The road trip to the mountains to hang out with family has resulted in a requisite stop at the Cracker Barrel. No matter what I choose I feel like the old knight from Indiana Jones and the Last Crusade is going to appear and tell me I “chose poorly.”
For most of June, J.D. and I had been talking around what we should try to do to get control of our weight. We had been successful, in a time before Bean, on Weight Watchers. And we considered going back to that. OKOK, J.D. considered going back to that. I really didn’t want to.
For the record, the WW program works. But I have done it, repeatedly. Obviously it isn’t going to work for me long-term. The first time I did WW, I was eleven. (Yes, eleven, so the Ginnifer Goodwin story wasn’t all that shocking to me.) I tried it again in graduate school and again in my late twenties. And despite following the program (the last time I was on for almost 2 years) and being every active, I have never gotten closer than 20lbs to my goal weight. The open boundaries of the program is a problem for a girl who can put down a pint of Ben and Jerry’s in a sitting. (What?!) Also, there isn’t anything new to help things along after you have been on program (in WW speak) for a long time, no Advanced WW if you will.

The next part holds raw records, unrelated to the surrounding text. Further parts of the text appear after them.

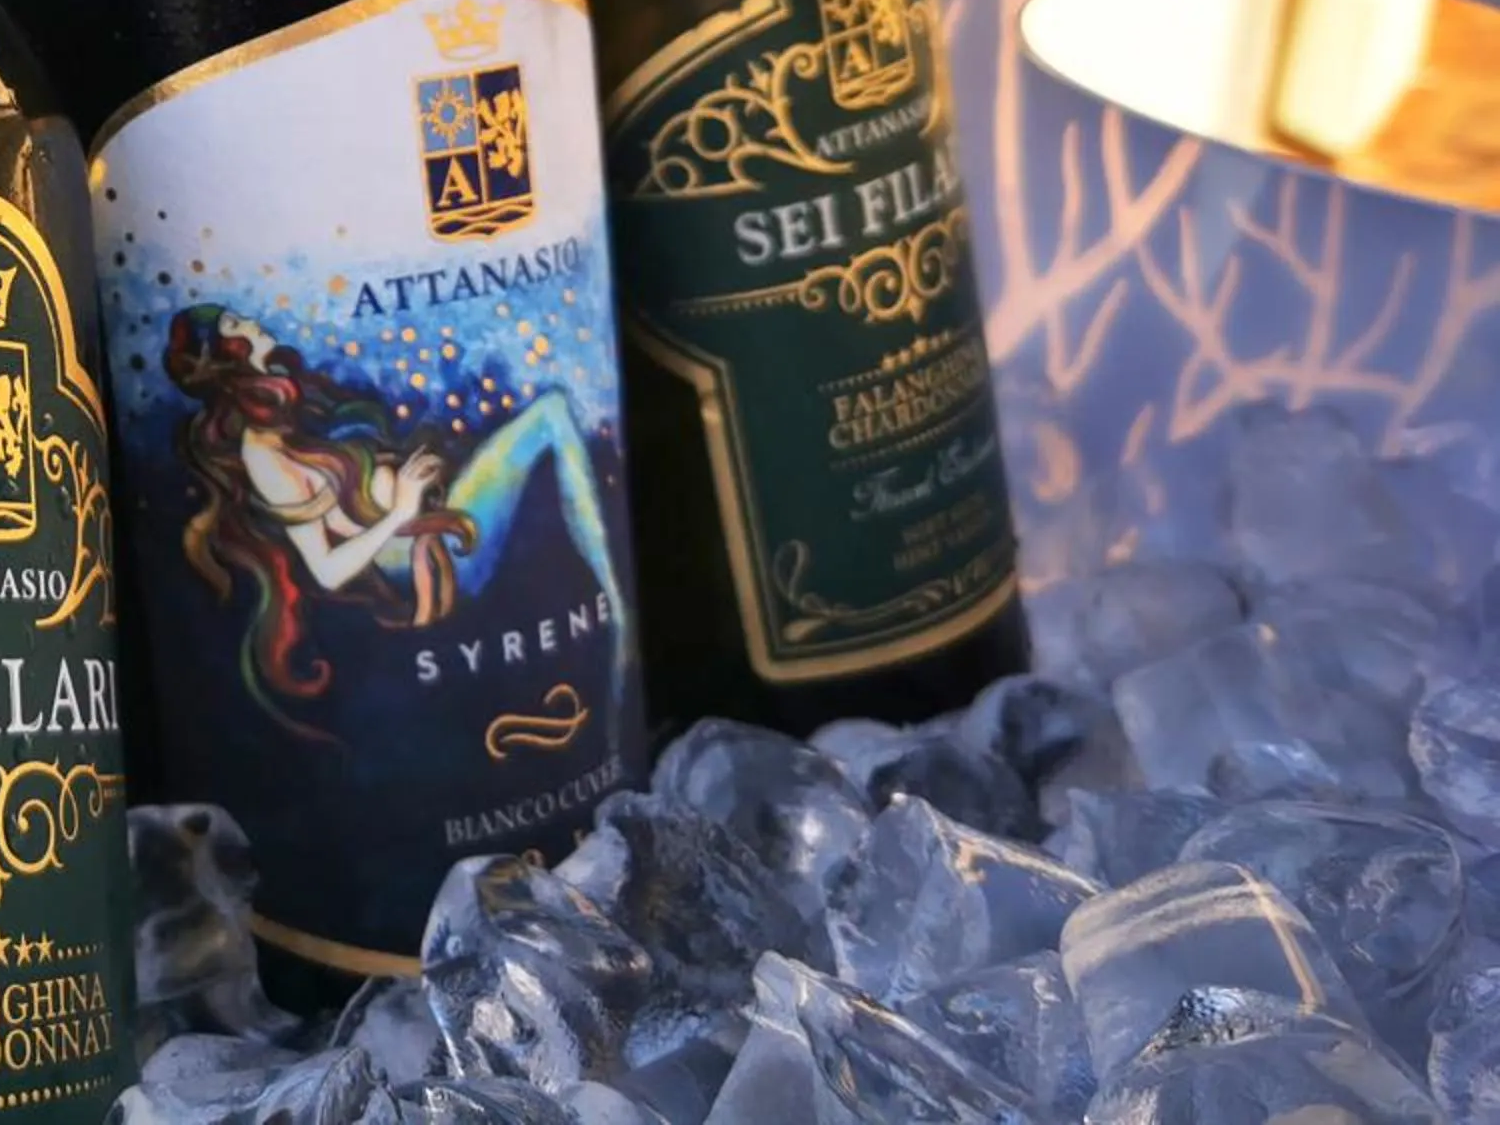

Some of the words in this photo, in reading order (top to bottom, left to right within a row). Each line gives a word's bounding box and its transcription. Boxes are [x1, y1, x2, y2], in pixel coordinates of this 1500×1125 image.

[436, 154, 479, 208] A
[733, 193, 845, 266] SEI
[854, 140, 962, 236] FILA
[350, 235, 581, 319] ATTANASIO
[415, 591, 611, 682] SYRENE
[444, 791, 552, 847] BIANCO

Regardless of my reasons, it all came down to the fact that I didn’t want to do that again. I needed something to force a change. I wanted to be excited about my prospects. And, let’s not beat around the bush here, I want to lose the weight.
In the midst of this, a newsletter from the Birmingham Blogging Academy showed up in my inbox. The funny thing is that I opened it because I thought it was about Kathryn Tucker Windham, and I was looking for inspiration for my work blog. (In my defense, the title of the newsletter was “The Greatest Story Teller in Alabama” and she had died a little over a week before.) But the newsletter turned out to be about The Jen West Quest.

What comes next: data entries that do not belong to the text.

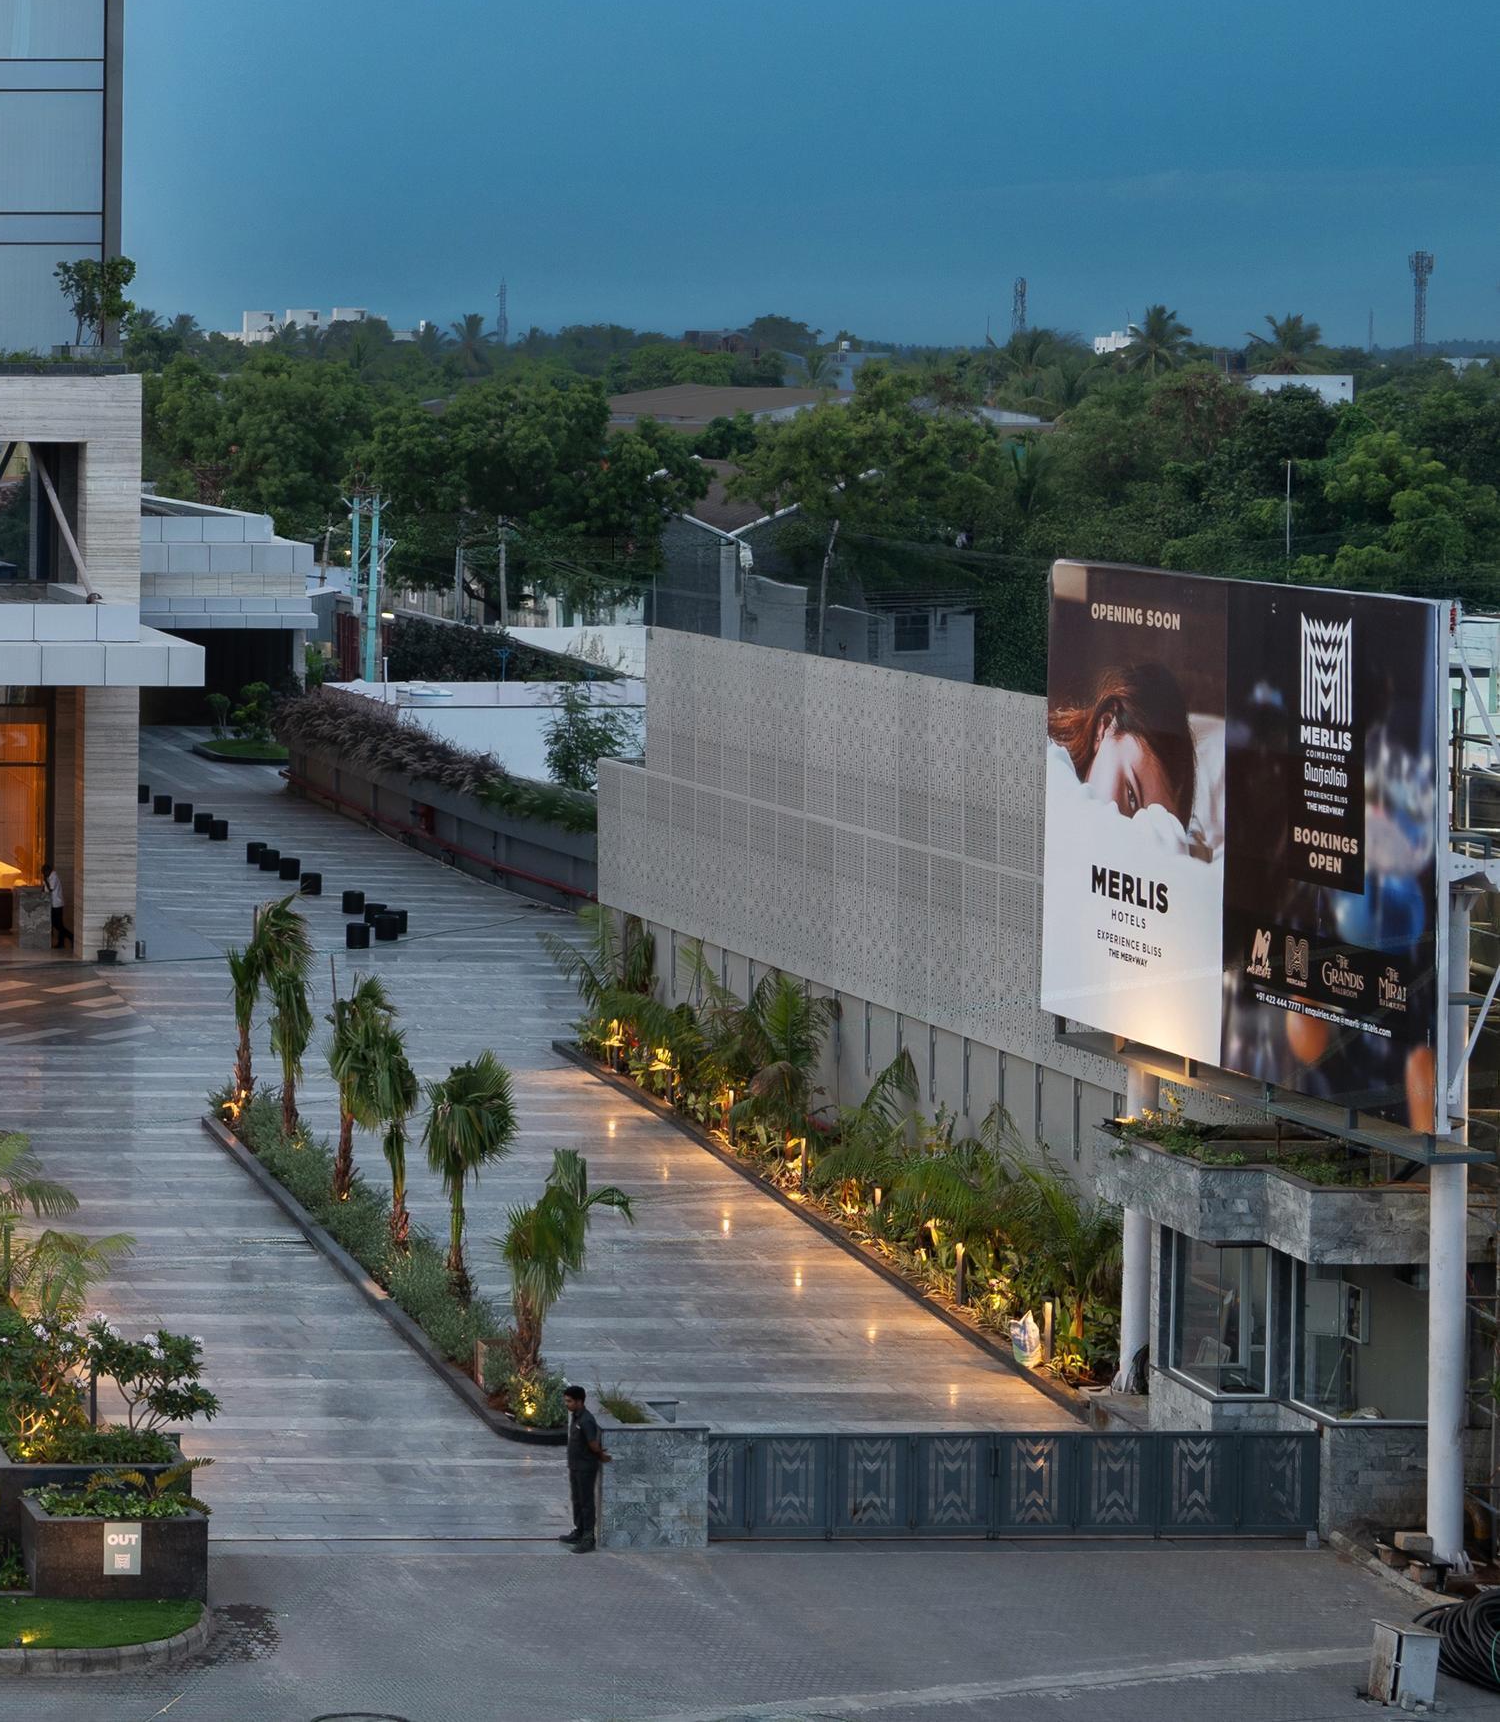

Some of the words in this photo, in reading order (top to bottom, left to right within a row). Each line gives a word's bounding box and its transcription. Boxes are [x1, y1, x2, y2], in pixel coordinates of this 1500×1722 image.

[1090, 602, 1143, 625] OPENING
[1146, 609, 1180, 631] SOON
[1299, 724, 1353, 752] MERLIS
[1305, 749, 1346, 764] COIMBATORE
[1303, 789, 1333, 801] EXPERIENCE
[1306, 801, 1318, 811] THE
[1294, 826, 1358, 855] BOOKINGS
[1308, 851, 1342, 874] OPEN
[1091, 864, 1169, 914] MERLIS
[1111, 909, 1147, 930] HOTELS
[1096, 929, 1140, 951] EXPERIENCE
[1142, 942, 1162, 958] BLISS
[1108, 948, 1120, 959] THE
[1321, 961, 1365, 991] GRANDIS
[1265, 994, 1276, 1005] 422
[1276, 997, 1287, 1008] 444
[1288, 1000, 1301, 1012] 7777
[107, 1533, 139, 1546] OUT

I’m not going to say that I was immediately sold, but it is hard to argue with Jen’s success on the Carb Lover’s Diet. As I read though the posts, the actual CLD website FAQ and looked more closely at the plan itself, it seemed like a really good fit. It many ways, the plan is close to how we were eating anyway. The tweaks were familiar and (mostly) welcome. Many of the reasons behind the plan were sound and the wiggle room was straight forward, leaving room for a glass of wine, beer, and ice cream. The website filled in the gaps of information, like questions I had about my husband trying a 1200 calorie diet for a week. (The answer: most men should consume 300-400 more/day.) The diet also received a balanced review from WebMD. And best of all? It was planned out for me.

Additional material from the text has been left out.